The Bush Presidential Library
We would love to give proper attribution for this sneak preview of the Bush Library, but it arrived, like so many others circulating by e-mail, absent of any clue on authorship. We got it from Jack Rosen, and he got it from who knows where; but to the unknown originator, our thanks.
The Library will include:
The Hurricane Katrina Room, which is still under construction.
The Alberto Gonzales Room. Have you seen that? You can’t remember?
The Texas Air National Guard Room. Skip this one.
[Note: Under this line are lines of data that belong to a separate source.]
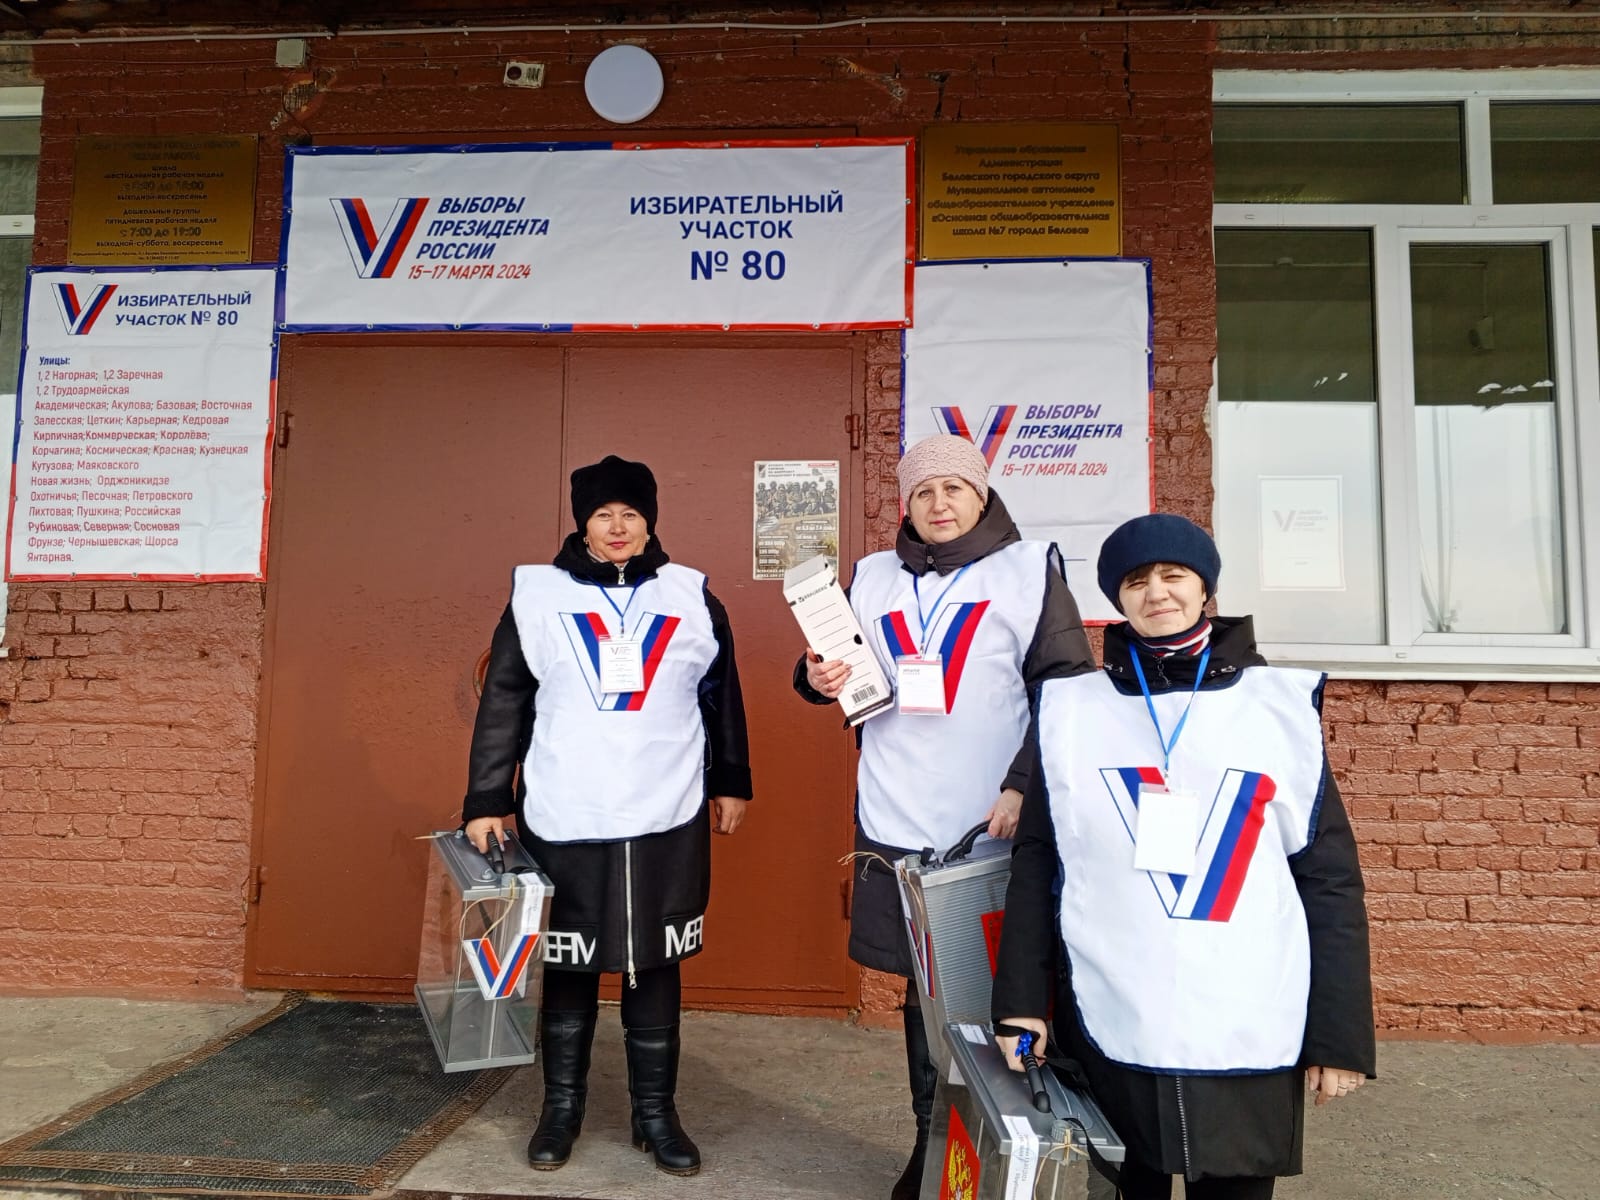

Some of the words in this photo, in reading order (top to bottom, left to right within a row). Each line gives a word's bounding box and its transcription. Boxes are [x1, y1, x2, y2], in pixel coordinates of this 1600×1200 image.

[437, 197, 527, 214] ВЫБОРЫ
[630, 190, 844, 215] ИЗБИРАТЕЛЬНЫЙ
[427, 219, 550, 239] ПРЕЗИДЕНТА
[680, 220, 793, 239] УЧАСТОК
[1008, 227, 1046, 237] города
[416, 243, 496, 259] РОССИИ
[691, 250, 729, 281] №
[741, 250, 786, 280] 80
[447, 264, 496, 280] МАРТА
[496, 264, 531, 279] 2024
[117, 291, 251, 307] ИЗБИРАТЕЛЬНЫЙ
[115, 313, 187, 327] УЧАСТОК
[191, 310, 212, 325] №
[216, 310, 239, 326] 80
[39, 356, 71, 366] Улицы:
[117, 370, 163, 381] Заречная
[52, 385, 130, 397] Трудоармейская
[201, 400, 253, 410] Восточная
[1025, 404, 1101, 420] ВЫБОРЫ
[182, 415, 230, 426] Кедровая
[1016, 424, 1124, 441] ПРЕЗИДЕНТА
[200, 445, 248, 456] Кузнецкая
[1008, 444, 1077, 459] РОССИИ
[77, 460, 139, 470] Маяковского
[1035, 463, 1077, 476] МАРТА
[1078, 463, 1108, 476] 2024
[31, 477, 58, 486] Новая
[97, 475, 170, 487] Орджоникидзе
[132, 490, 193, 502] Петровского
[125, 504, 181, 516] Российская
[134, 521, 180, 531] Сосновая
[145, 536, 178, 548] Щорса
No need to show up.
The Walter Reed Hospital Room, where they don’t let you in.
The Guantanamo Bay Room, where they don’t let you out.
The Weapons of Mass Destruction Room, which no one has been able to find.
The National Debt Wing. Bigger than a WalMart, and it has no ceiling.
The ‘Tax Cut’ Room: admission restricted to the fabulously wealthy.
The ‘Economy Room.‘ You’ll find it in the toilet.
The Iraq War Room. After you complete your first tour, they make you go back for a second, third, fourth, and sometimes a fifth.
The Dick Cheney Room, in an undisclosed location.
The Environmental Conservation Room. Still empty.
The Supreme Court Gift Shop, where you can buy an election.
The ‘Decider Room’ complete with dart board, magic 8-ball, Ouija board, dice, coins, and straws.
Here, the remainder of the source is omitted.